Que una cosa pueda encantar más o menos a uno no significa que ese software libre no tenga problemas. Tiene algunos problemas que se van solucionando poco a poco pero, lamentablemente, en el mundo educativo, tiene algunas cosillas de difícil solución.

¿Por qué se lleva tantos años intentando implantar software libre en los centros educativos y el avance en el número de usuarios domésticos (entre alumnos, docentes y padres) no consigue despegar? ¿Por qué algo gratuito, cada vez más ameno de uso y, con unas características que poco tienen que envidiar a los programas de pago (o privativos) no consigue ser usado de forma mayoritaria, ni dentro ni fuera de los centros, por parte de la comunidad docente? ¿Qué es lo que está fallando?

Son un cúmulo de despropósitos. El primero de los cuales y, quizás el más importante, es el despropósito de tener tantas distribuciones educativas como Administraciones educativas hay en nuestro país. Un error importante. Acrecentado por las existencias de diferentes distribuciones base que conforman estas distribuciones educativas. Unas basadas en Fedora, otras en Ubuntu, otras en vete tú a saber qué.

La jugada de tener tantas distribuciones sólo puede beneficiar a Microsoft y a su Windows. Es lógico y comprensible que uno, poco ducho con cuestiones informáticas y que sólo quiere dar un uso habitual a su equipo, se frene al ver tal desbarajuste de distribuciones. Cada una de las cuales con sus propias características y hechos diferenciales para ser lo más diferente posible de la del vecino. Otra manera más de fomentar la diferencia que tanto gusta a determinados políticos. ¿Qué costaría tener una distribución única, traducida a todas las lenguas cooficiales, que incorporara diferentes aplicaciones para cada tipo de usuario? ¿Qué costaría tener una distribución para el estudiante de primaria, otra para el de secundaria y otra para los otros ámbitos? ¿Qué costaría tener una única distribución donde sólo variaran las aplicaciones que vienen de serie y cuyo uso fuera el mismo en todo el territorio? En eso gana el software privativo. Windows es Windows aquí y en China. Un sistema operativo que funciona de la misma manera en todas partes. Un punto para ellos. El punto que, en la mayoría de casos, da el partido.

Más despropósitos. La falta de formación de quienes lo van a utilizar. Falta formación a nivel docente y a nivel de alumnos y familias. Los cursos de formación basados en la distribución de turno se quedan muy cortos. Los foros para preguntar dudas adolecen de un feedback continuo y válido. El acompañamiento está fallando.

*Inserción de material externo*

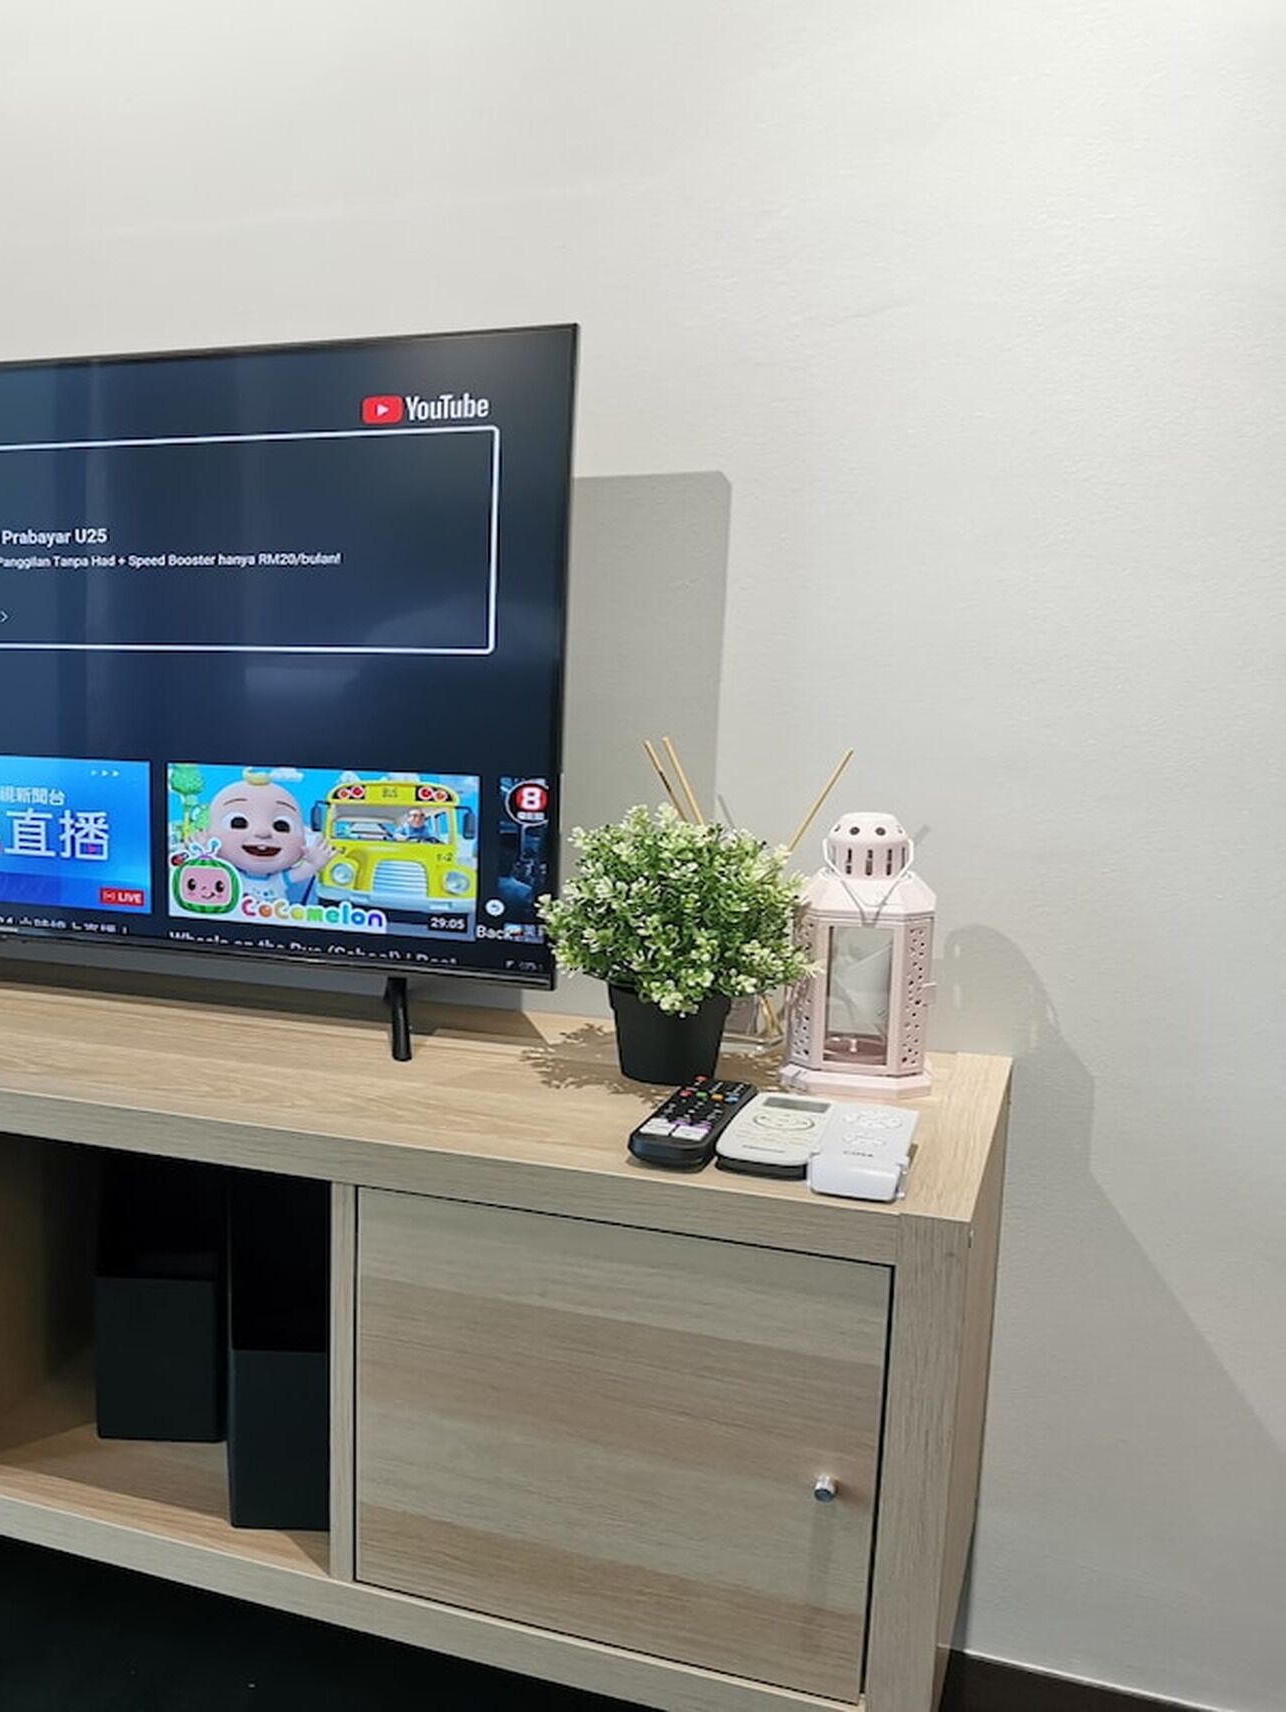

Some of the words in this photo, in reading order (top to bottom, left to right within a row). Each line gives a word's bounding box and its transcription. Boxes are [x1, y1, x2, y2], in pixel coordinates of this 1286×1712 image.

Disponer de equipos duales es otro gran error. La gente opta por lo cómodo. Por lo que usa habitualmente. Si hay posibilidad de arrancar con Windows en los centros, a ver cuántos son quienes arrancan con la versión de Linux que tienen instalada. Si hay Word o PowerPoint, a ver quién es el guapo que se pone a abrir OpenOffice o LibreOffice.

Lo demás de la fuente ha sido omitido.